In case you are not familiar with them, IC Insights is a leading semiconductor market research company offering coverage of current business, economic, and technology trends, top supplier rankings, capital spending and wafer capacity trends, the impact of new semiconductor products on the market, and other cool semiconductor industry information. I really like these guys, they are a bloggers best friend.

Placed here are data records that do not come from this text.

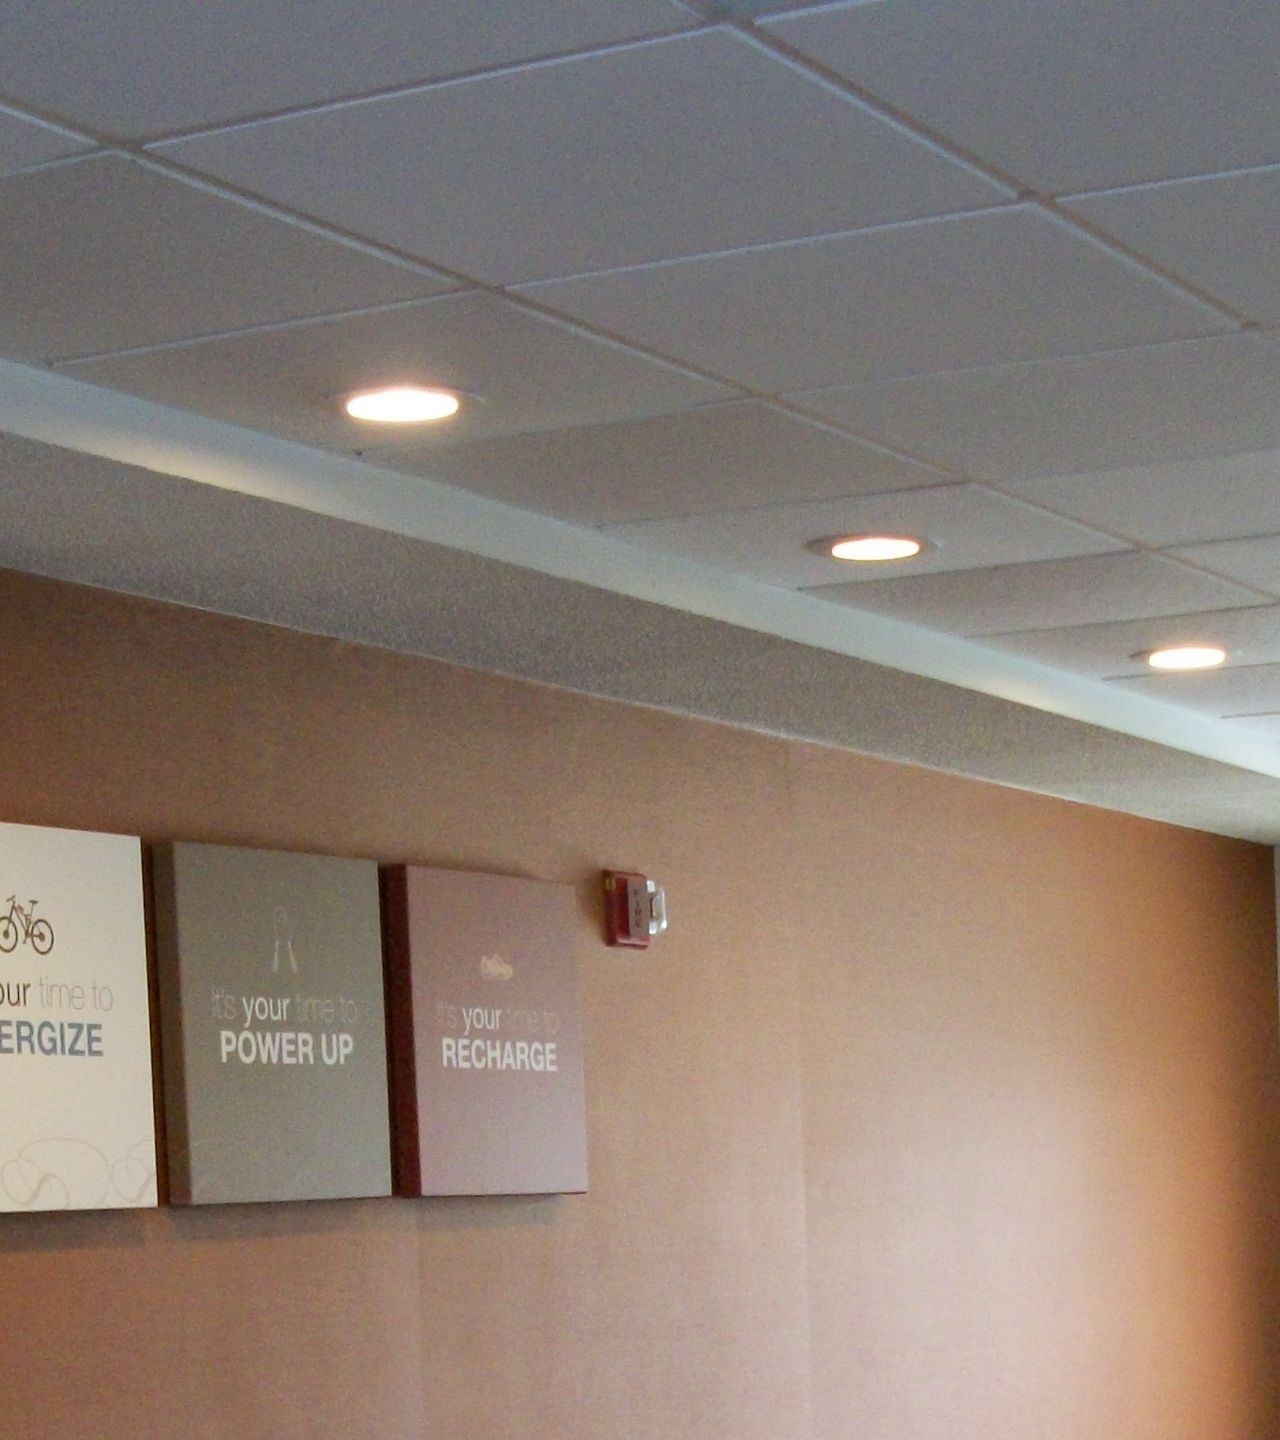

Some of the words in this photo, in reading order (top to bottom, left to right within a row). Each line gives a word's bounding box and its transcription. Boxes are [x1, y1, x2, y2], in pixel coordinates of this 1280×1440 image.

[38, 975, 86, 1010] time
[93, 981, 114, 1012] to
[242, 996, 291, 1028] your
[462, 1006, 503, 1036] your
[220, 1029, 315, 1065] POWER
[321, 1032, 354, 1066] UP
[441, 1037, 559, 1072] RECHARGE

The biggest losers here are the Japanese IDMs; Toshiba, Fujitsu, and Renases which declined 26%, 23%, and 10% respectively. While Toshiba is riding the memory pricing rollercoaster, Fujitsu and Renases are in transition to the fabless business model moving manufacturing to TSMC. AMD also took an 11% hit which is not surprising as the company is still in “flux”. Check the blogs “The Coming Battle for AMD’s x86 Hidden Cache” and “AMD 2Q Financials — The Good, The Bad, and The (Pretty) Ugly” for more information on AMD.

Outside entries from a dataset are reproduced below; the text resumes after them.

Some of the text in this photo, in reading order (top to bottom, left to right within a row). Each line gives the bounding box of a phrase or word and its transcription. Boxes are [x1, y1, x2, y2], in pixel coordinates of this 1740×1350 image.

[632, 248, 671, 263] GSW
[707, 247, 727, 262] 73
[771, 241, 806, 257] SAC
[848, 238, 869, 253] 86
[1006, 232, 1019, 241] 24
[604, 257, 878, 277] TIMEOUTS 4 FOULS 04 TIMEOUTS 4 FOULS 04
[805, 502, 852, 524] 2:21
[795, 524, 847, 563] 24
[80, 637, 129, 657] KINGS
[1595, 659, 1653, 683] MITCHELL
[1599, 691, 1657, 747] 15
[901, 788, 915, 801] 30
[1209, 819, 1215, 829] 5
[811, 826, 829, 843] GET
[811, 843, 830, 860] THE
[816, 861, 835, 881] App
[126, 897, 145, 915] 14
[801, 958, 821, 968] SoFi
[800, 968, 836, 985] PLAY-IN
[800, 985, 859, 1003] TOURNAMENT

U.S. Memory maker Micron moved up one spot with a 5% increase in sales. As Micron digests Japanese memory maker Elpida, expect another spot or two jump with an additional $2-3B in sales. Elpida is the last Japanese DRAM maker so this is an end of an era for the Japanese semiconductor industry. How long before Japan is completely fabless? Certainly within my lifetime (I’m 51).
Qualcomm, the fabless semiconductor wonder, posted a surprising 6% decline. Rather than taking personal responsibility, Qualcomm CEO, Dr. Paul E. Jacobs Ph.D, blames 28nm supply shortages even though Qualcomm is working with multiple foundries and I can tell you that TSMC has fulfilled ALL contractual commitments for 28nm. Either Qualcomm is bad at forecasting demand or this finger pointing is a diversion for deeper problems at Qualcomm. As TSMC clears all 28nm backlog in Q3 let’s see where the finger points at the next Qualcomm conference call. You can bet I will blog it because I really hate finger pointing. In stark contrast, the non-finger pointing Broadcom posted an 8% gain. And the mighty Intel posted a disappointing 5% increase based on lackluster Ultrabook sales and no position at all against ARM in the mobile market as of yet.

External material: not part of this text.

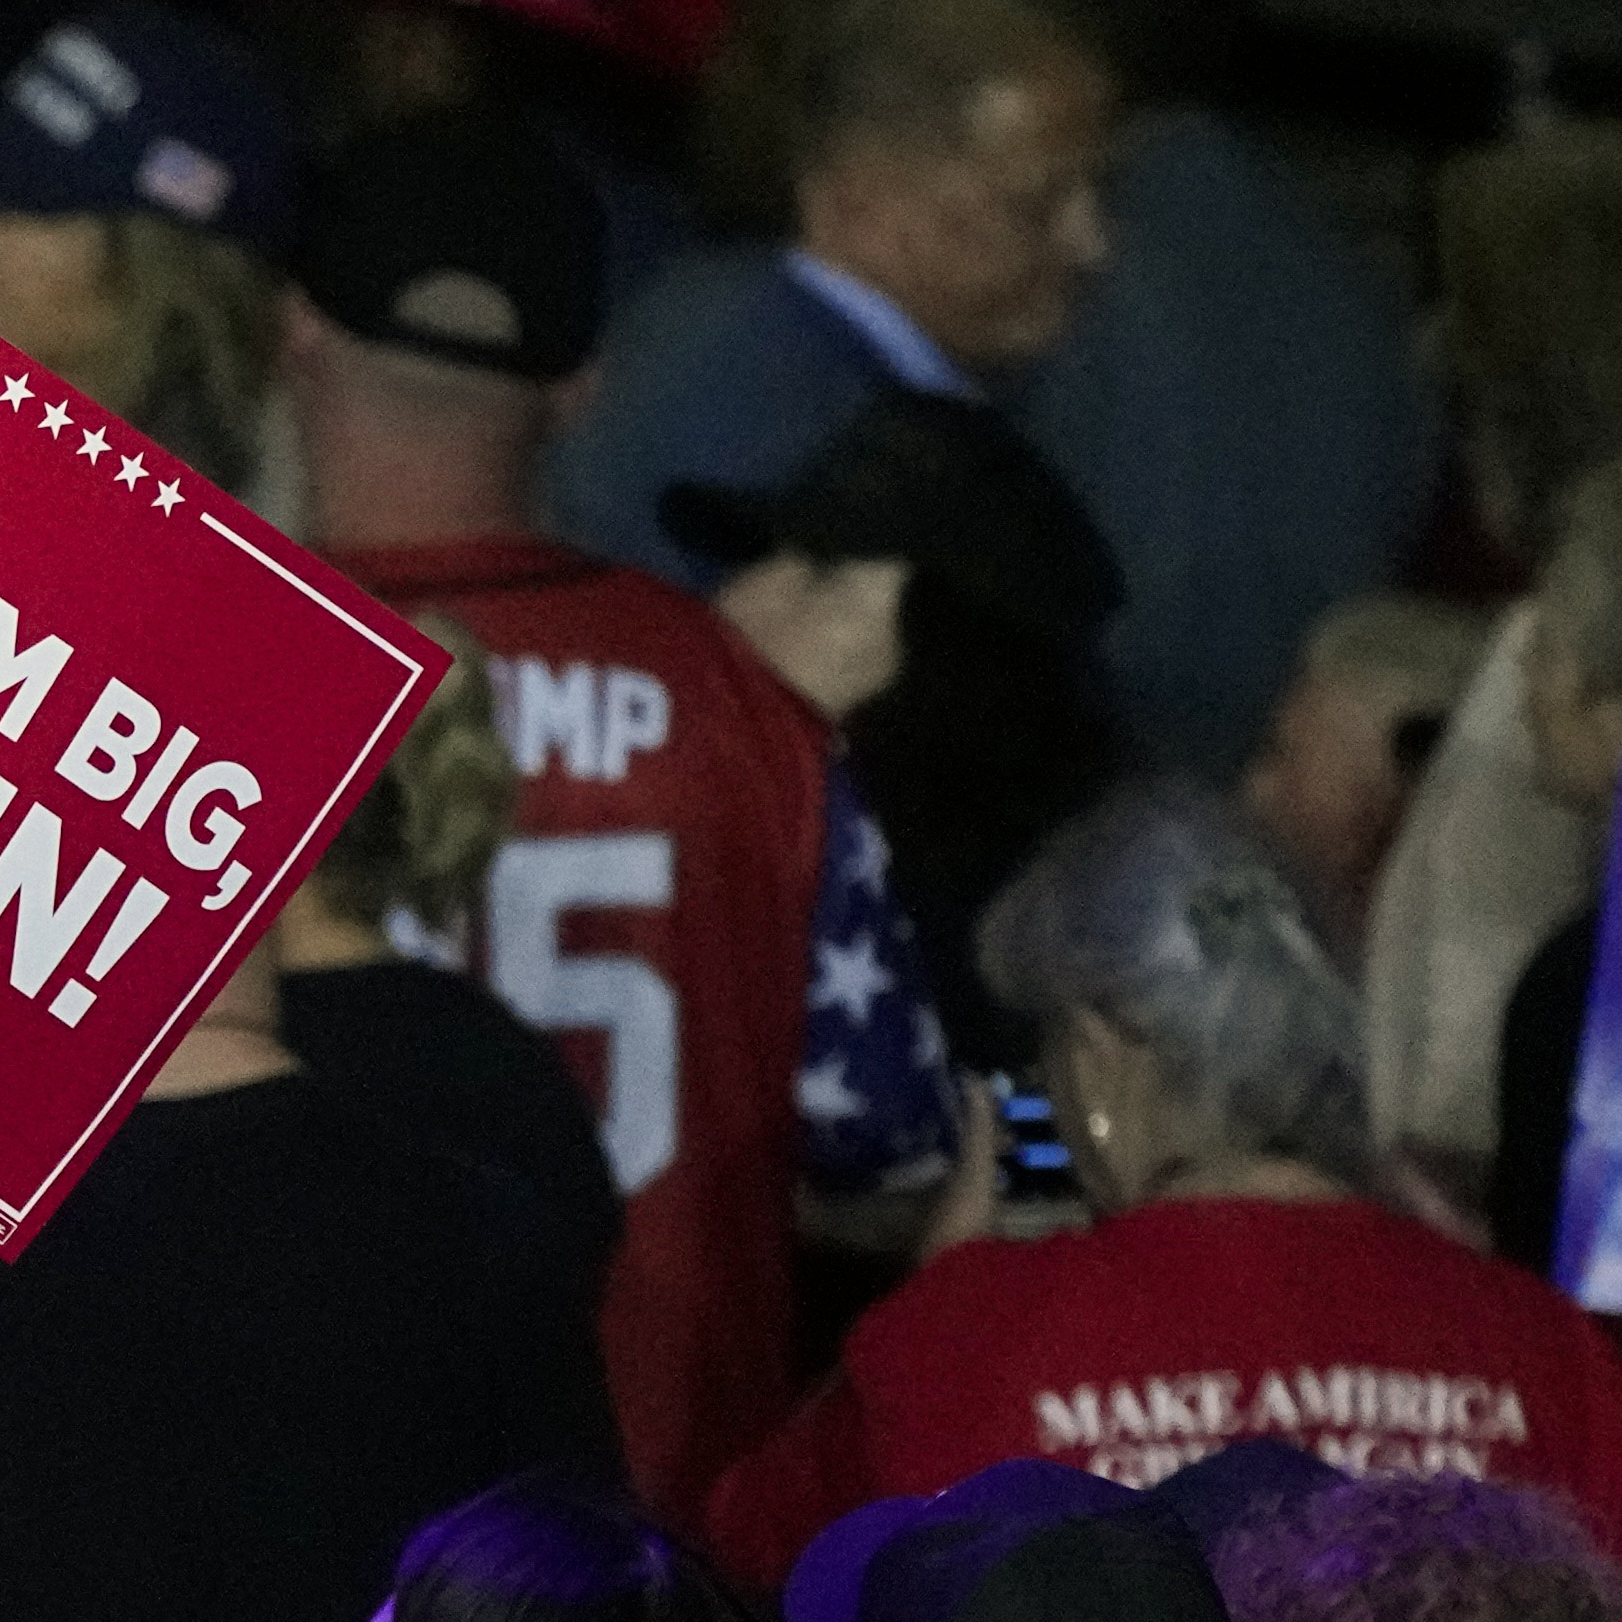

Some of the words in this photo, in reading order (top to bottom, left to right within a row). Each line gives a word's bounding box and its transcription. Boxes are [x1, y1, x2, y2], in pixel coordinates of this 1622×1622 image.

All-in-all a good financial start for what will be a great year in semiconductors. 28nm is breaking ramping and revenue records, 20nm tape-outs will commence in Q1 2013, the mobile market segment continues its meteoric rise, and the semiconductor ecosystem has never been stronger. So, do you still think that the fabless business model is broken Mr. Mark Bohr of Intel? I’m also not a fan of asinine PR stunts so I will continue to haunt Intel on this one.